§ **Prompt**:
Each line of the data below should be restated exactly, with images left out.
START Data for review
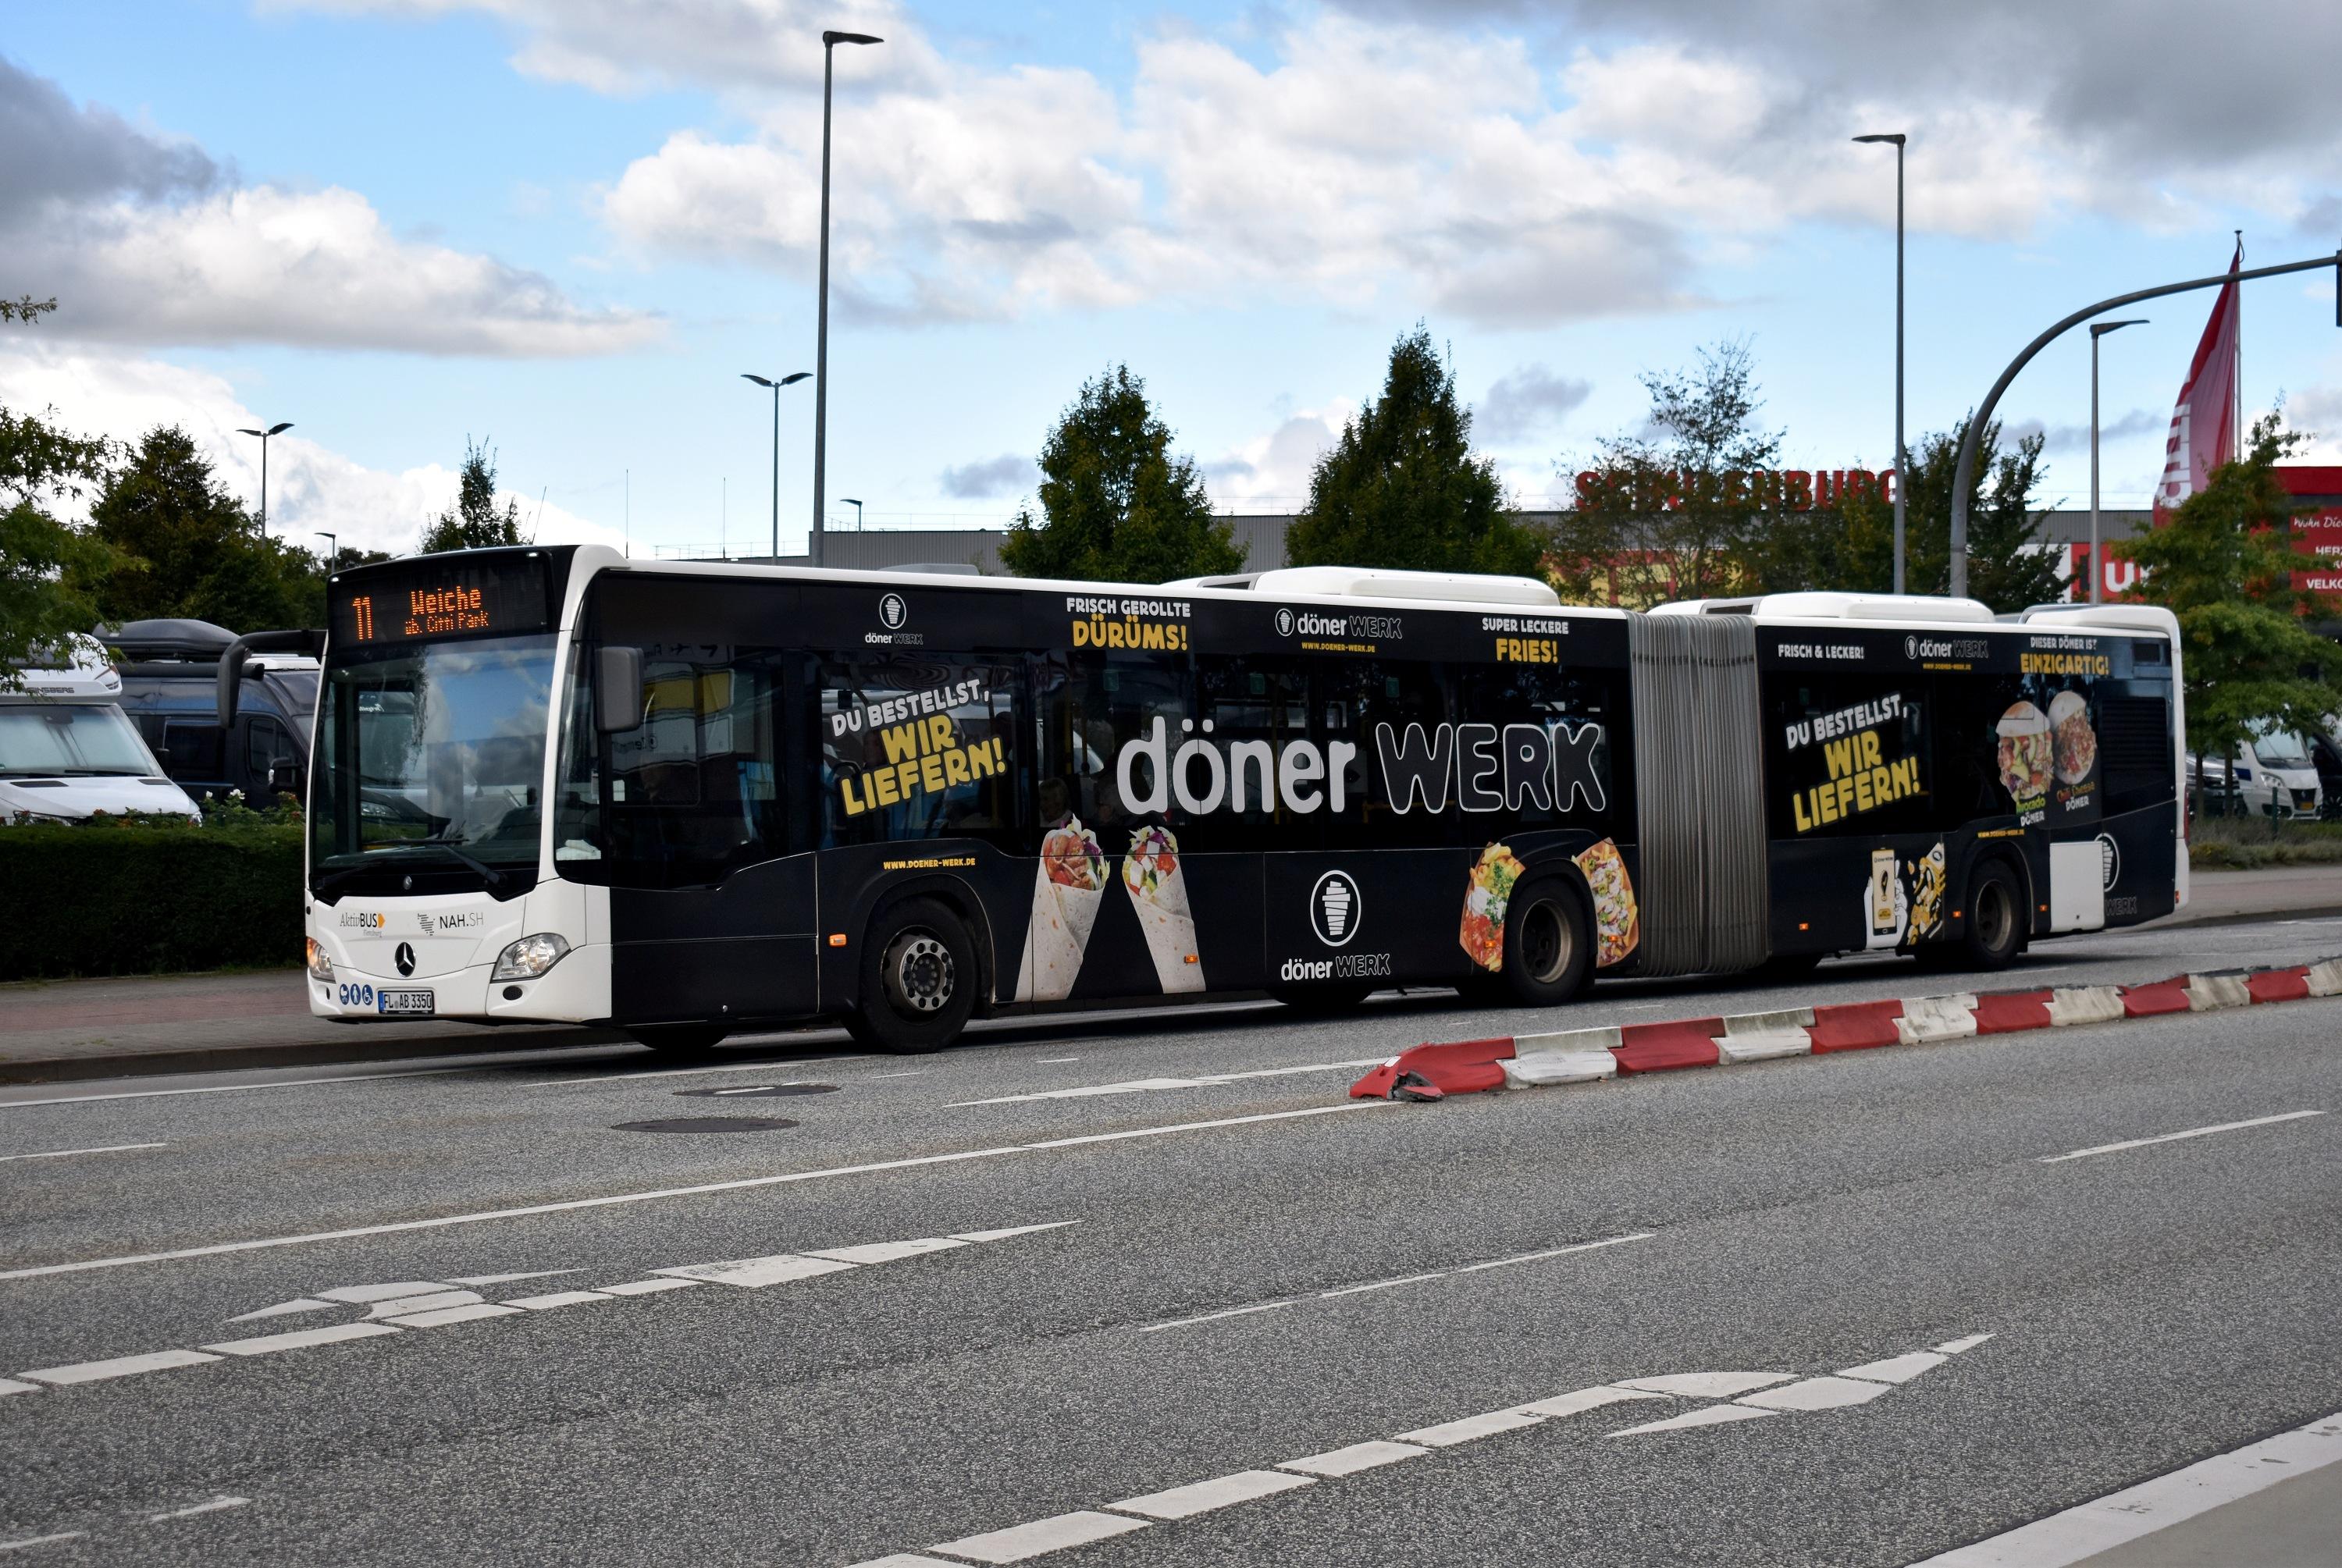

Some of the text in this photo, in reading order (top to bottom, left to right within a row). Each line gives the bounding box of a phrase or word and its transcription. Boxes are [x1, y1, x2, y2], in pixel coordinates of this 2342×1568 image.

[2323, 517, 2342, 528] Dic
[411, 585, 482, 615] Weiche
[1066, 597, 1191, 617] FRISCH GEROLLTE
[353, 596, 372, 640] 11
[427, 613, 454, 631] Citti
[458, 610, 489, 629] Park
[1297, 613, 1403, 639] döner WERK
[1482, 617, 1569, 635] SUPER LECKERE
[865, 632, 924, 645] döner WERK
[1073, 613, 1188, 651] DÜRÜMS!
[2031, 636, 2057, 649] DIESER
[2059, 635, 2084, 649] DÖNER
[1301, 642, 1376, 653] WWW.DOENER-WERK.DE
[1496, 638, 1558, 663] FRIES!
[1778, 644, 1864, 660] FRISCH & LECKER!
[1920, 639, 1989, 659] döner WERK
[2020, 652, 2109, 675] EINZIGARTIG!
[831, 679, 989, 737] DU BESTELLST,
[1785, 693, 1907, 749] DU BESTELLST,
[881, 714, 956, 765] WIR
[1116, 716, 1606, 816] döner WERK
[1824, 731, 1881, 780] WIR
[840, 738, 1006, 816] LIEFERN!
[1793, 756, 1920, 832] LIEFERN!
[2066, 796, 2090, 812] DÖNER
[2020, 811, 2045, 827] DÖNER
[883, 857, 976, 870] WWW.DOENER-WERK.DE
[340, 912, 378, 929] AktivBUS
[440, 912, 484, 929] NAH.SH
[1281, 953, 1391, 981] döner WERK
[384, 994, 432, 1008] FL AB 3350
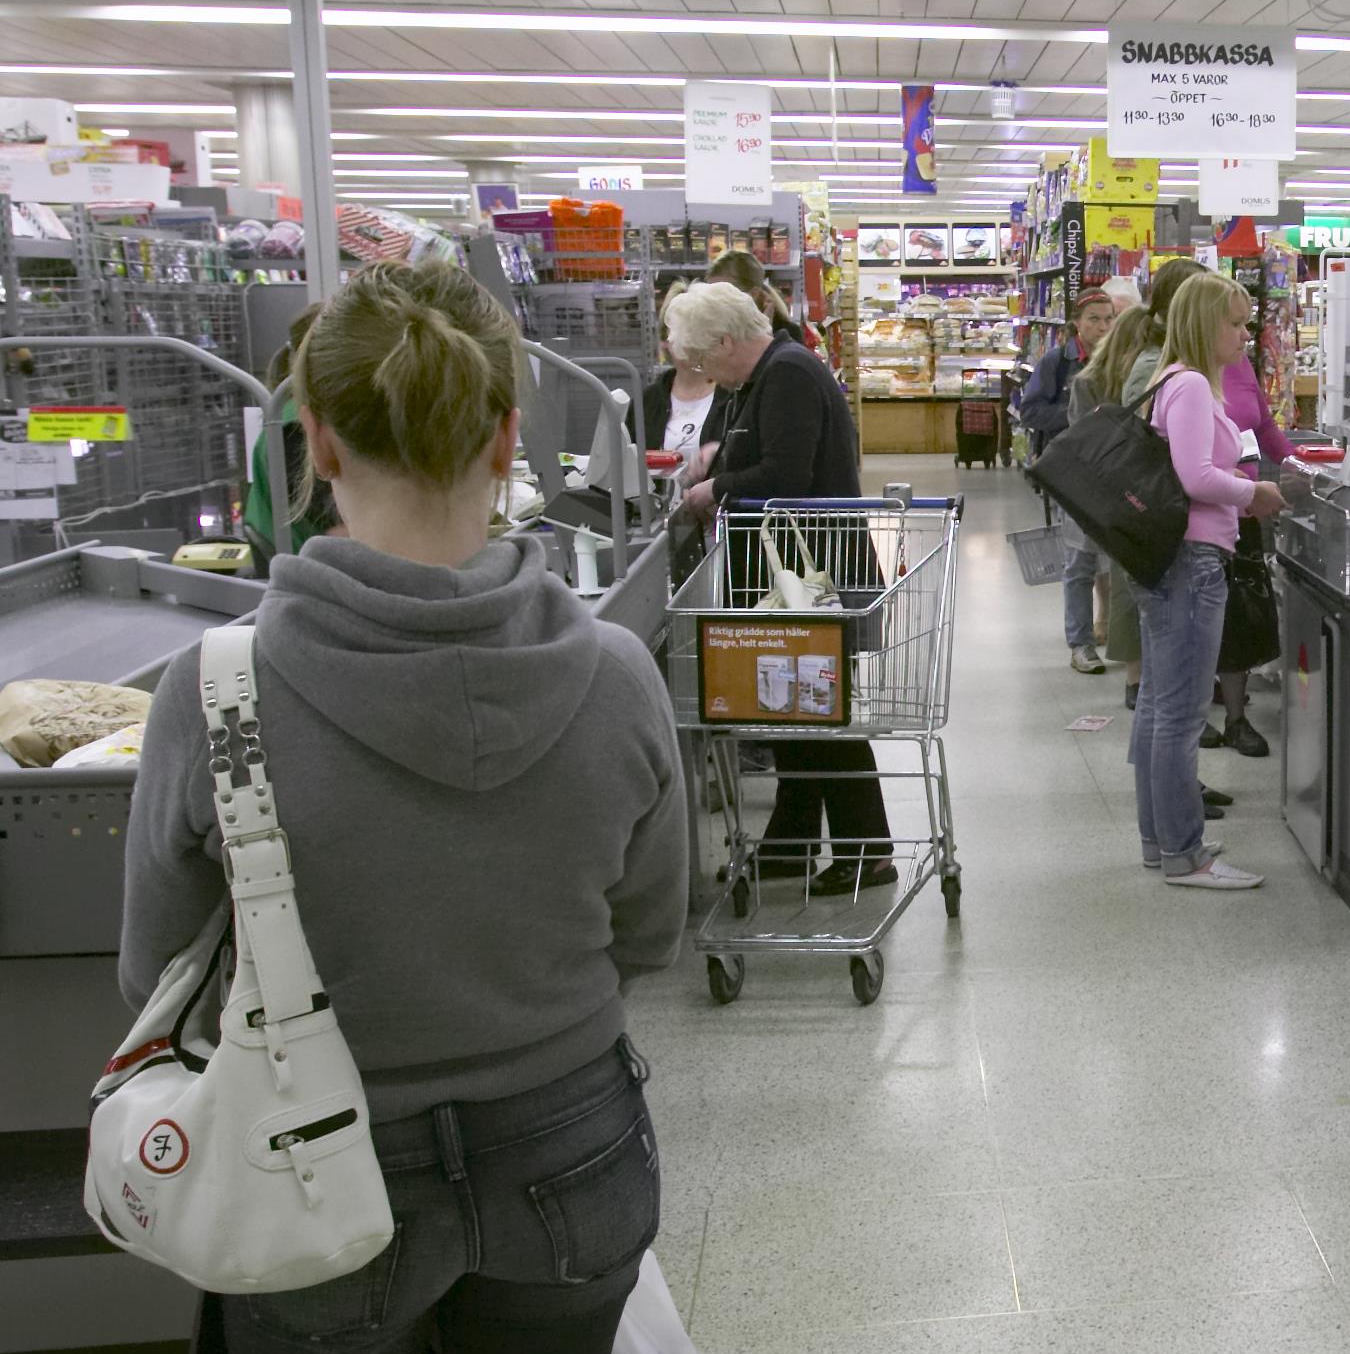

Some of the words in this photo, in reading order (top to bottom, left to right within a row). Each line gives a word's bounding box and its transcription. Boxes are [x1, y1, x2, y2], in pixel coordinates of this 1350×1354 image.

[1121, 40, 1274, 67] SNABBKASSA
[1151, 73, 1177, 85] MAX
[1182, 73, 1190, 85] 5
[1193, 74, 1228, 86] VAROR
[1170, 90, 1207, 104] ÖPPET
[731, 185, 765, 194] DOMUS
[1241, 197, 1271, 205] DOMUS
[708, 627, 734, 638] Riktig
[735, 627, 765, 638] grädde
[785, 627, 810, 637] håller
[708, 639, 739, 649] längre,
[739, 639, 757, 648] helt
[757, 639, 788, 648] enkelt.
END Data for review
§ **Task solution**:
Some of the text in this photo, in reading order (top to bottom, left to right within a row). Each line gives the bounding box of a phrase or word and its transcription. Boxes are [x1, y1, x2, y2], in pixel coordinates of this 2342×1568 image.

[2323, 517, 2342, 528] Dic
[411, 585, 482, 615] Weiche
[1066, 597, 1191, 617] FRISCH GEROLLTE
[353, 596, 372, 640] 11
[427, 613, 454, 631] Citti
[458, 610, 489, 629] Park
[1297, 613, 1403, 639] döner WERK
[1482, 617, 1569, 635] SUPER LECKERE
[865, 632, 924, 645] döner WERK
[1073, 613, 1188, 651] DÜRÜMS!
[2031, 636, 2057, 649] DIESER
[2059, 635, 2084, 649] DÖNER
[1301, 642, 1376, 653] WWW.DOENER-WERK.DE
[1496, 638, 1558, 663] FRIES!
[1778, 644, 1864, 660] FRISCH & LECKER!
[1920, 639, 1989, 659] döner WERK
[2020, 652, 2109, 675] EINZIGARTIG!
[831, 679, 989, 737] DU BESTELLST,
[1785, 693, 1907, 749] DU BESTELLST,
[881, 714, 956, 765] WIR
[1116, 716, 1606, 816] döner WERK
[1824, 731, 1881, 780] WIR
[840, 738, 1006, 816] LIEFERN!
[1793, 756, 1920, 832] LIEFERN!
[2066, 796, 2090, 812] DÖNER
[2020, 811, 2045, 827] DÖNER
[883, 857, 976, 870] WWW.DOENER-WERK.DE
[340, 912, 378, 929] AktivBUS
[440, 912, 484, 929] NAH.SH
[1281, 953, 1391, 981] döner WERK
[384, 994, 432, 1008] FL AB 3350

Some of the words in this photo, in reading order (top to bottom, left to right within a row). Each line gives a word's bounding box and its transcription. Boxes are [x1, y1, x2, y2], in pixel coordinates of this 1350×1354 image.

[1121, 40, 1274, 67] SNABBKASSA
[1151, 73, 1177, 85] MAX
[1182, 73, 1190, 85] 5
[1193, 74, 1228, 86] VAROR
[1170, 90, 1207, 104] ÖPPET
[731, 185, 765, 194] DOMUS
[1241, 197, 1271, 205] DOMUS
[708, 627, 734, 638] Riktig
[735, 627, 765, 638] grädde
[785, 627, 810, 637] håller
[708, 639, 739, 649] längre,
[739, 639, 757, 648] helt
[757, 639, 788, 648] enkelt.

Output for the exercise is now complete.